(Phrase grounding data)
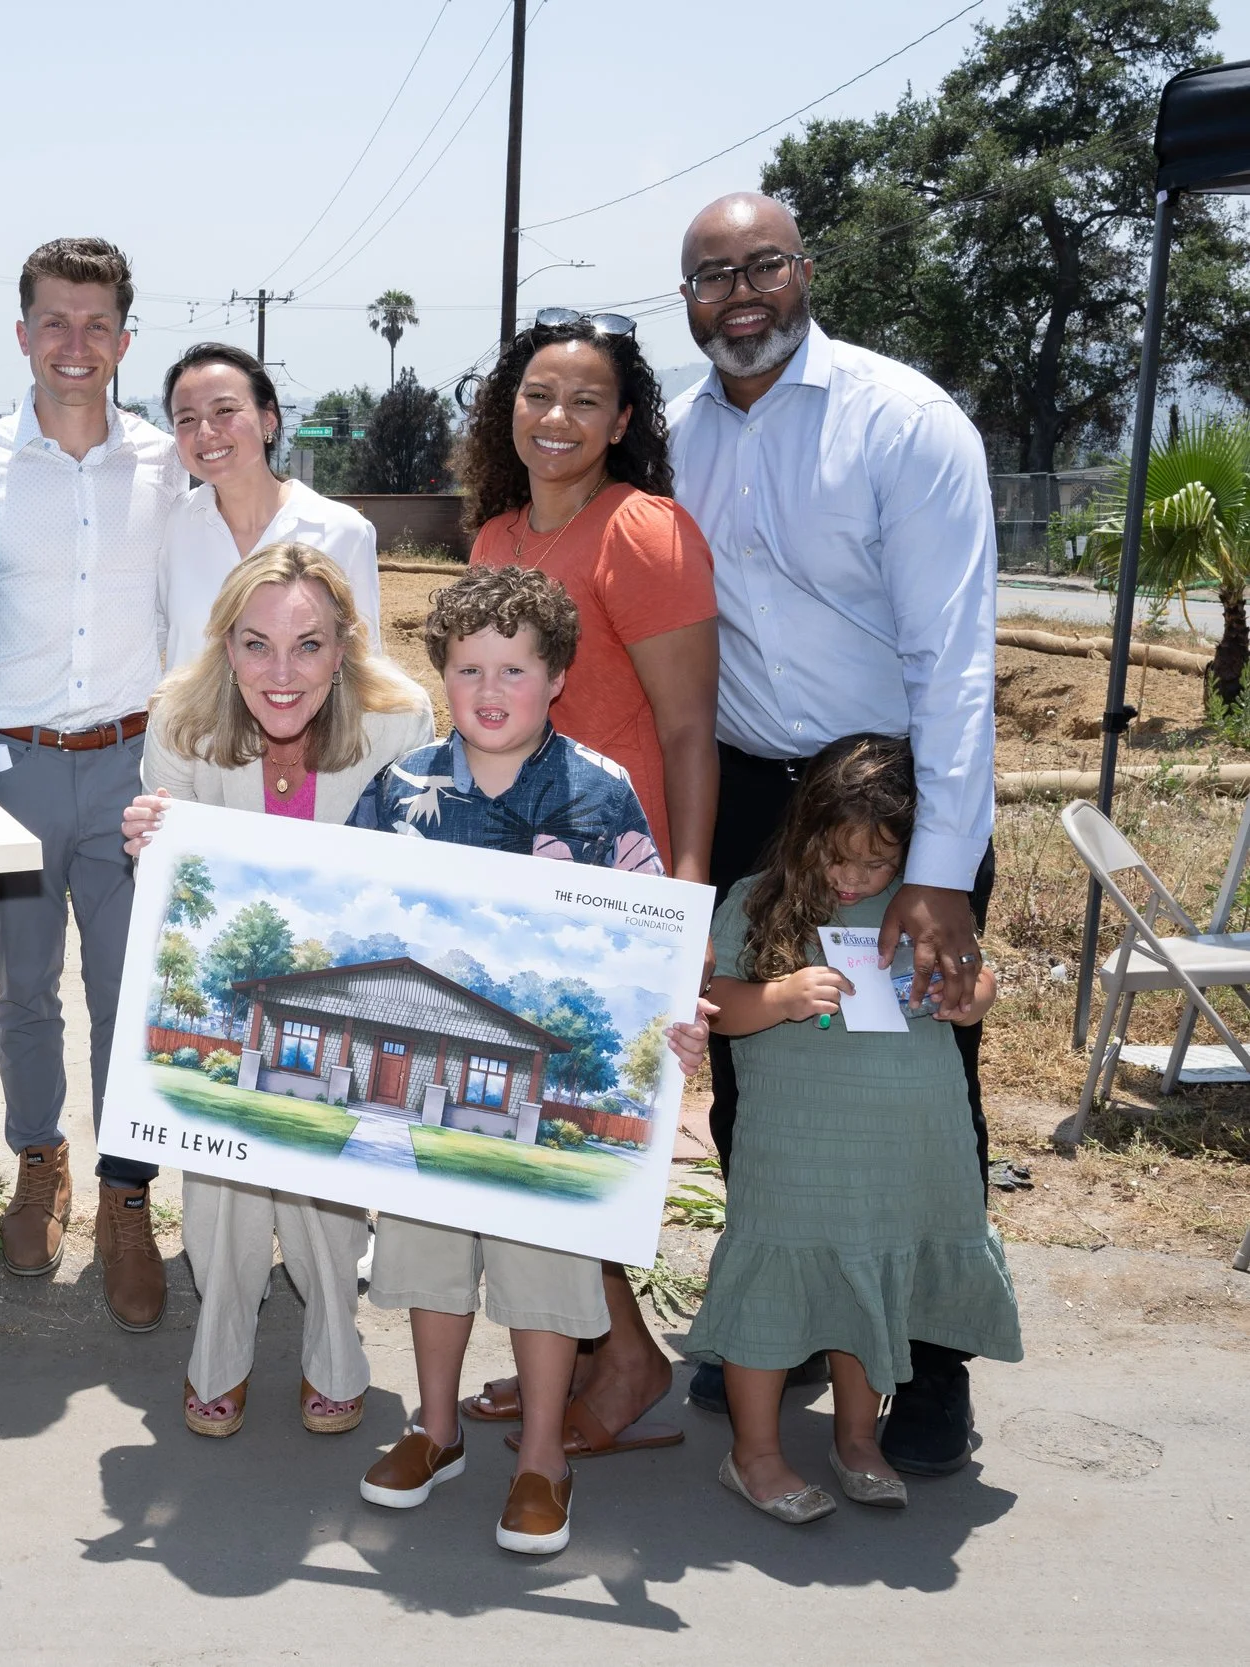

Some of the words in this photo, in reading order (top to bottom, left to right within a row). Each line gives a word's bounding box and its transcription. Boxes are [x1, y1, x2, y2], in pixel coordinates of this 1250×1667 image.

[555, 890, 573, 902] THE
[576, 894, 628, 912] FOOTHILL
[632, 903, 685, 921] CATALOG
[625, 916, 683, 933] FOUNDATION
[130, 1121, 168, 1145] THE
[180, 1131, 248, 1160] LEWIS

### TASK BRIEF
Omit the pictures and write out the remaining data exactly.

### RESPONSE AREA
Some of the words in this photo, in reading order (top to bottom, left to right within a row). Each line gives a word's bounding box and its transcription. Boxes are [x1, y1, x2, y2], in pixel coordinates of this 1250×1667 image.

[555, 890, 573, 902] THE
[576, 894, 628, 912] FOOTHILL
[632, 903, 685, 921] CATALOG
[625, 916, 683, 933] FOUNDATION
[130, 1121, 168, 1145] THE
[180, 1131, 248, 1160] LEWIS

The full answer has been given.